Dataset entries:
****************

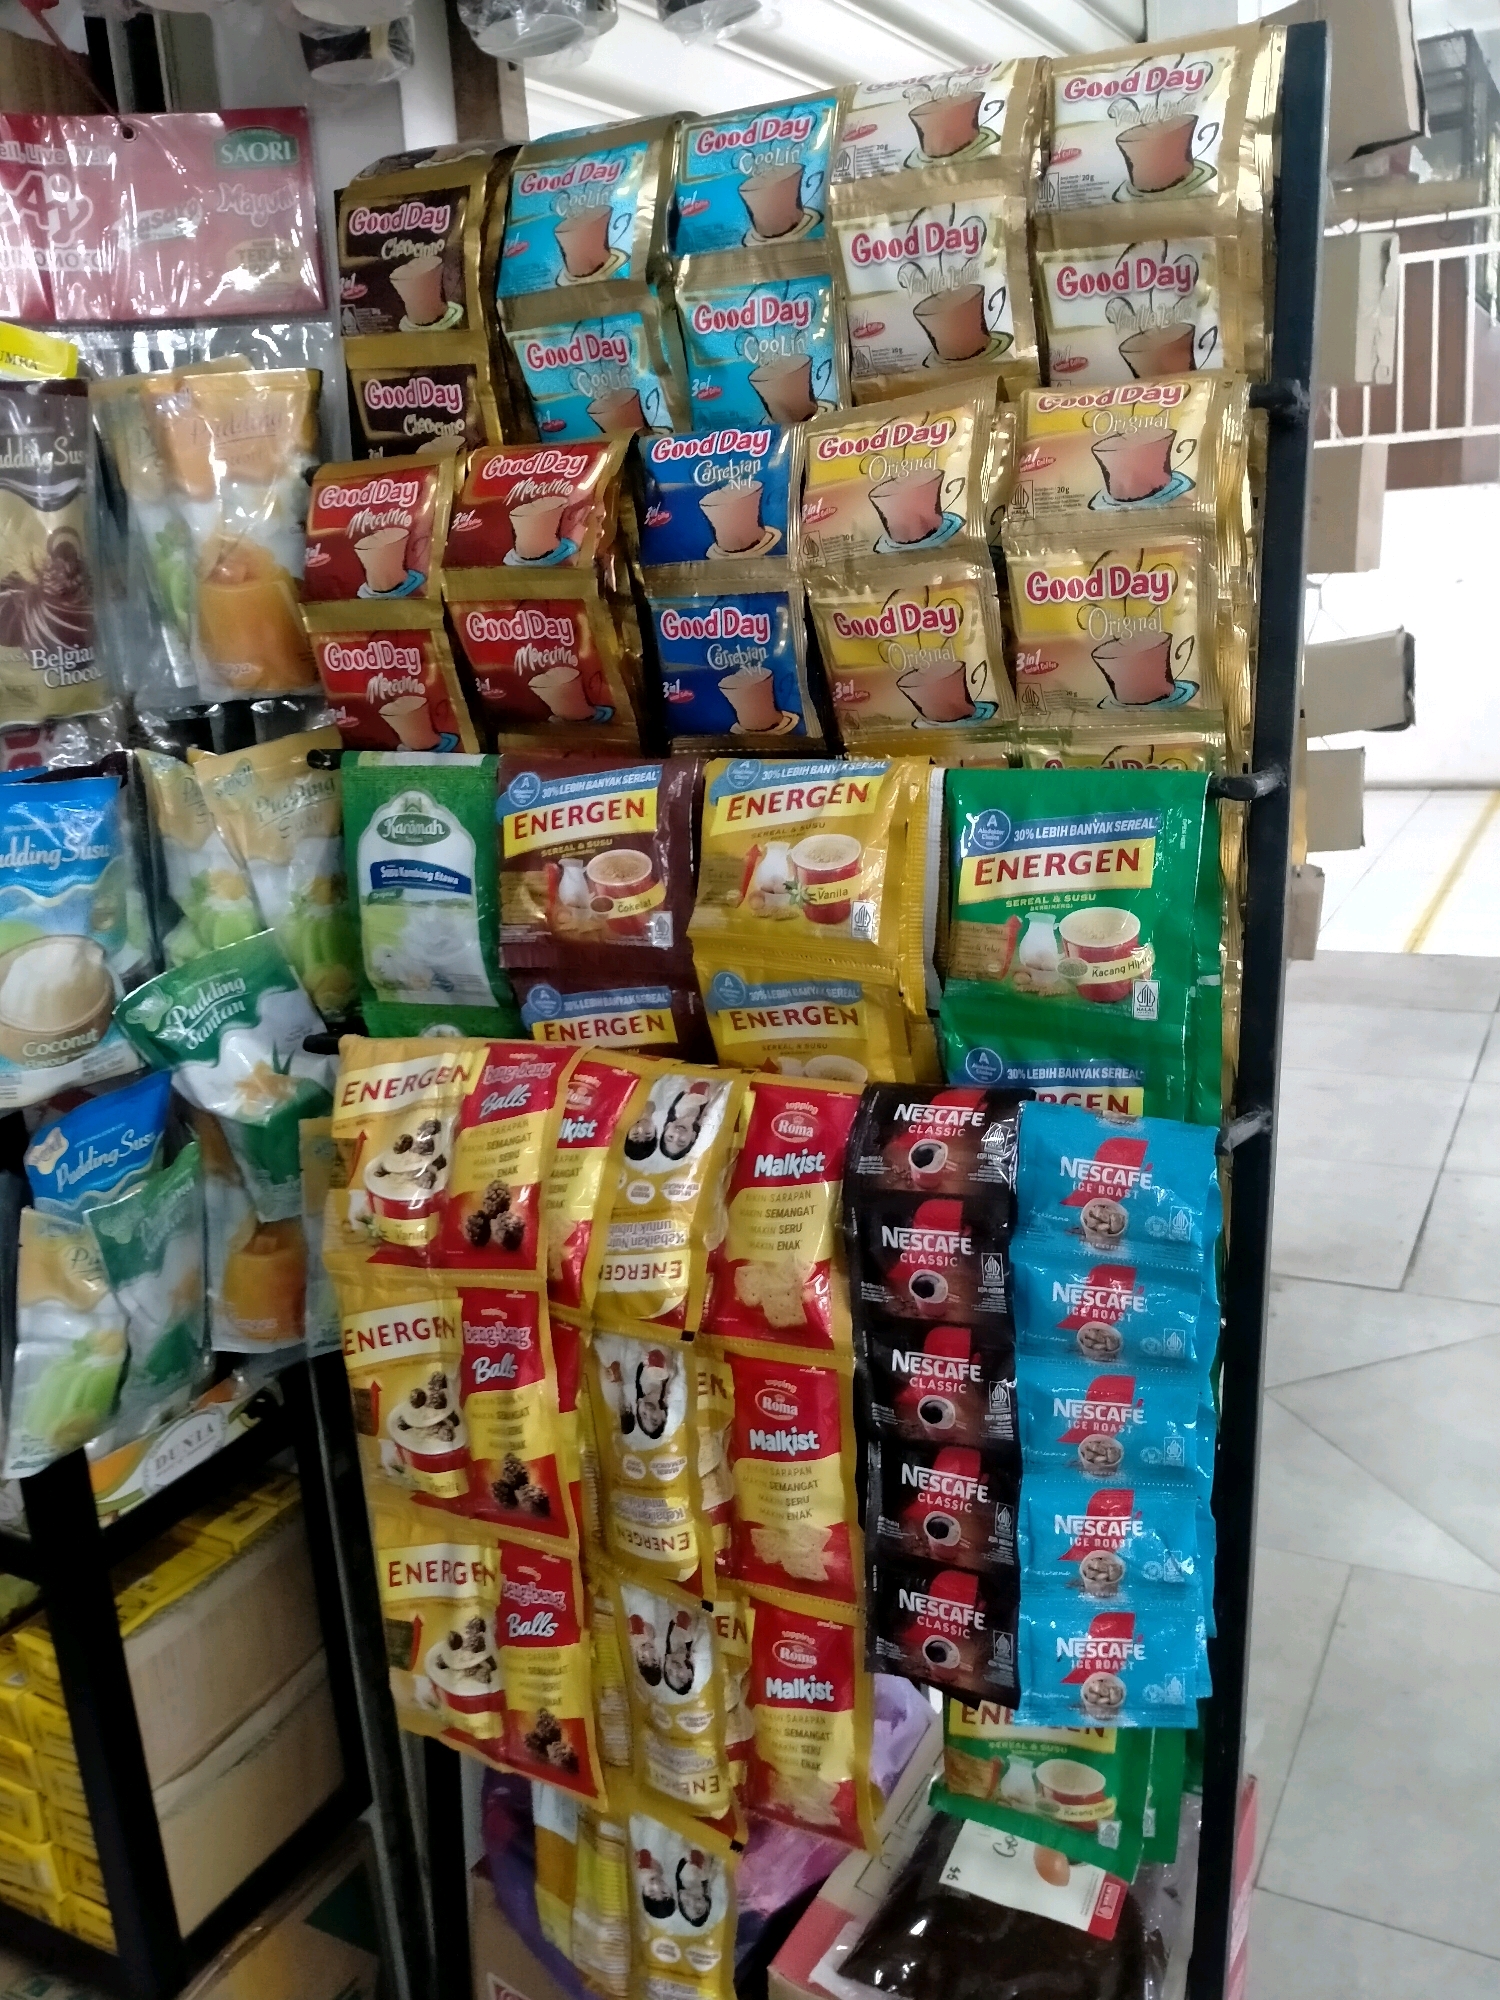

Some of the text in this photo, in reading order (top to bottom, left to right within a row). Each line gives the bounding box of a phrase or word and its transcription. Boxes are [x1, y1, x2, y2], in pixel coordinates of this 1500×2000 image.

[1064, 67, 1207, 100] Good Day
[696, 115, 811, 154] Good Day
[221, 140, 292, 164] SAORI
[520, 161, 623, 195] Good Day
[350, 202, 450, 235] Good Day
[851, 222, 982, 265] Good Day
[1056, 258, 1194, 297] Good Day
[694, 295, 812, 333] Good Day
[526, 334, 630, 371] Good Day
[365, 377, 463, 413] Good Day
[1036, 382, 1186, 413] Good Day
[1092, 408, 1171, 437] Original
[651, 428, 771, 462] Good Day
[816, 419, 951, 461] Good Day
[483, 450, 588, 480] Good Day
[869, 454, 939, 483] Original
[319, 478, 418, 509] Good Day
[1025, 565, 1174, 605] Good Day
[467, 609, 575, 646] Good Day
[660, 607, 770, 643] Good Day
[832, 603, 960, 638] Good Day
[1088, 606, 1164, 641] Original
[324, 641, 422, 673] Good Day
[888, 641, 957, 673] Original
[559, 780, 585, 796] LEBIH
[586, 775, 621, 791] BANYAK
[762, 768, 780, 779] 30%
[781, 766, 810, 778] LEBIH
[726, 781, 871, 823] ENERGEN
[514, 796, 647, 840] ENERGEN
[1014, 828, 1035, 842] 30%
[1035, 825, 1068, 839] LEBIH
[1069, 821, 1113, 837] BANYAK
[751, 828, 788, 839] SEREAL
[0, 837, 62, 870] udding
[974, 847, 1141, 886] ENERGEN
[816, 886, 849, 901] Vanila
[1005, 896, 1050, 908] SEREAL
[1052, 895, 1062, 903] &
[1065, 893, 1097, 902] SUSU
[1091, 963, 1126, 979] Kacang
[166, 977, 247, 1031] Pudding
[732, 1005, 860, 1032] ENERGEN
[544, 1014, 665, 1042] ENERGEN
[21, 1028, 99, 1058] Coconut
[340, 1064, 471, 1108] ENERGEN
[1007, 1068, 1025, 1080] 30%
[1026, 1067, 1057, 1080] LEBIH
[1058, 1067, 1100, 1080] BANYAK
[558, 1115, 598, 1143] lkist
[777, 1118, 814, 1138] Roma
[908, 1124, 966, 1138] CLASSIC
[56, 1146, 119, 1191] Pudding
[754, 1148, 826, 1179] Malkist
[1060, 1155, 1153, 1190] NESCAFÉ
[770, 1189, 812, 1202] SARAPAN
[1094, 1185, 1140, 1200] ROAST
[765, 1204, 815, 1219] SEMANGAT
[779, 1222, 803, 1235] SERU
[777, 1240, 801, 1251] ENAK
[900, 1252, 959, 1268] CLASSIC
[1052, 1281, 1145, 1313] NESCAFÉ
[1092, 1308, 1132, 1323] ROAST
[343, 1315, 456, 1357] ENERGEN
[471, 1352, 519, 1384] Balls
[909, 1376, 967, 1394] CLASSIC
[762, 1395, 799, 1416] Roma
[1053, 1397, 1147, 1425] NESCAFÉ
[749, 1425, 821, 1456] Malkist
[1091, 1421, 1134, 1435] ROAST
[917, 1491, 973, 1514] CLASSIC
[1054, 1511, 1144, 1537] NESCAFÉ
[1092, 1536, 1134, 1549] ROAST
[387, 1560, 496, 1588] ENERGEN
[505, 1612, 559, 1638] Balls
[916, 1615, 971, 1640] CLASSIC
[779, 1646, 818, 1667] Roma
[1056, 1634, 1146, 1661] NESCAFÉ
[1092, 1659, 1135, 1672] ROAST
[765, 1674, 835, 1704] Malkist

****************

Print every entry above again without changing a word, and omit the pictures.

Some of the text in this photo, in reading order (top to bottom, left to right within a row). Each line gives the bounding box of a phrase or word and its transcription. Boxes are [x1, y1, x2, y2], in pixel coordinates of this 1500×2000 image.

[1064, 67, 1207, 100] Good Day
[696, 115, 811, 154] Good Day
[221, 140, 292, 164] SAORI
[520, 161, 623, 195] Good Day
[350, 202, 450, 235] Good Day
[851, 222, 982, 265] Good Day
[1056, 258, 1194, 297] Good Day
[694, 295, 812, 333] Good Day
[526, 334, 630, 371] Good Day
[365, 377, 463, 413] Good Day
[1036, 382, 1186, 413] Good Day
[1092, 408, 1171, 437] Original
[651, 428, 771, 462] Good Day
[816, 419, 951, 461] Good Day
[483, 450, 588, 480] Good Day
[869, 454, 939, 483] Original
[319, 478, 418, 509] Good Day
[1025, 565, 1174, 605] Good Day
[467, 609, 575, 646] Good Day
[660, 607, 770, 643] Good Day
[832, 603, 960, 638] Good Day
[1088, 606, 1164, 641] Original
[324, 641, 422, 673] Good Day
[888, 641, 957, 673] Original
[559, 780, 585, 796] LEBIH
[586, 775, 621, 791] BANYAK
[762, 768, 780, 779] 30%
[781, 766, 810, 778] LEBIH
[726, 781, 871, 823] ENERGEN
[514, 796, 647, 840] ENERGEN
[1014, 828, 1035, 842] 30%
[1035, 825, 1068, 839] LEBIH
[1069, 821, 1113, 837] BANYAK
[751, 828, 788, 839] SEREAL
[0, 837, 62, 870] udding
[974, 847, 1141, 886] ENERGEN
[816, 886, 849, 901] Vanila
[1005, 896, 1050, 908] SEREAL
[1052, 895, 1062, 903] &
[1065, 893, 1097, 902] SUSU
[1091, 963, 1126, 979] Kacang
[166, 977, 247, 1031] Pudding
[732, 1005, 860, 1032] ENERGEN
[544, 1014, 665, 1042] ENERGEN
[21, 1028, 99, 1058] Coconut
[340, 1064, 471, 1108] ENERGEN
[1007, 1068, 1025, 1080] 30%
[1026, 1067, 1057, 1080] LEBIH
[1058, 1067, 1100, 1080] BANYAK
[558, 1115, 598, 1143] lkist
[777, 1118, 814, 1138] Roma
[908, 1124, 966, 1138] CLASSIC
[56, 1146, 119, 1191] Pudding
[754, 1148, 826, 1179] Malkist
[1060, 1155, 1153, 1190] NESCAFÉ
[770, 1189, 812, 1202] SARAPAN
[1094, 1185, 1140, 1200] ROAST
[765, 1204, 815, 1219] SEMANGAT
[779, 1222, 803, 1235] SERU
[777, 1240, 801, 1251] ENAK
[900, 1252, 959, 1268] CLASSIC
[1052, 1281, 1145, 1313] NESCAFÉ
[1092, 1308, 1132, 1323] ROAST
[343, 1315, 456, 1357] ENERGEN
[471, 1352, 519, 1384] Balls
[909, 1376, 967, 1394] CLASSIC
[762, 1395, 799, 1416] Roma
[1053, 1397, 1147, 1425] NESCAFÉ
[749, 1425, 821, 1456] Malkist
[1091, 1421, 1134, 1435] ROAST
[917, 1491, 973, 1514] CLASSIC
[1054, 1511, 1144, 1537] NESCAFÉ
[1092, 1536, 1134, 1549] ROAST
[387, 1560, 496, 1588] ENERGEN
[505, 1612, 559, 1638] Balls
[916, 1615, 971, 1640] CLASSIC
[779, 1646, 818, 1667] Roma
[1056, 1634, 1146, 1661] NESCAFÉ
[1092, 1659, 1135, 1672] ROAST
[765, 1674, 835, 1704] Malkist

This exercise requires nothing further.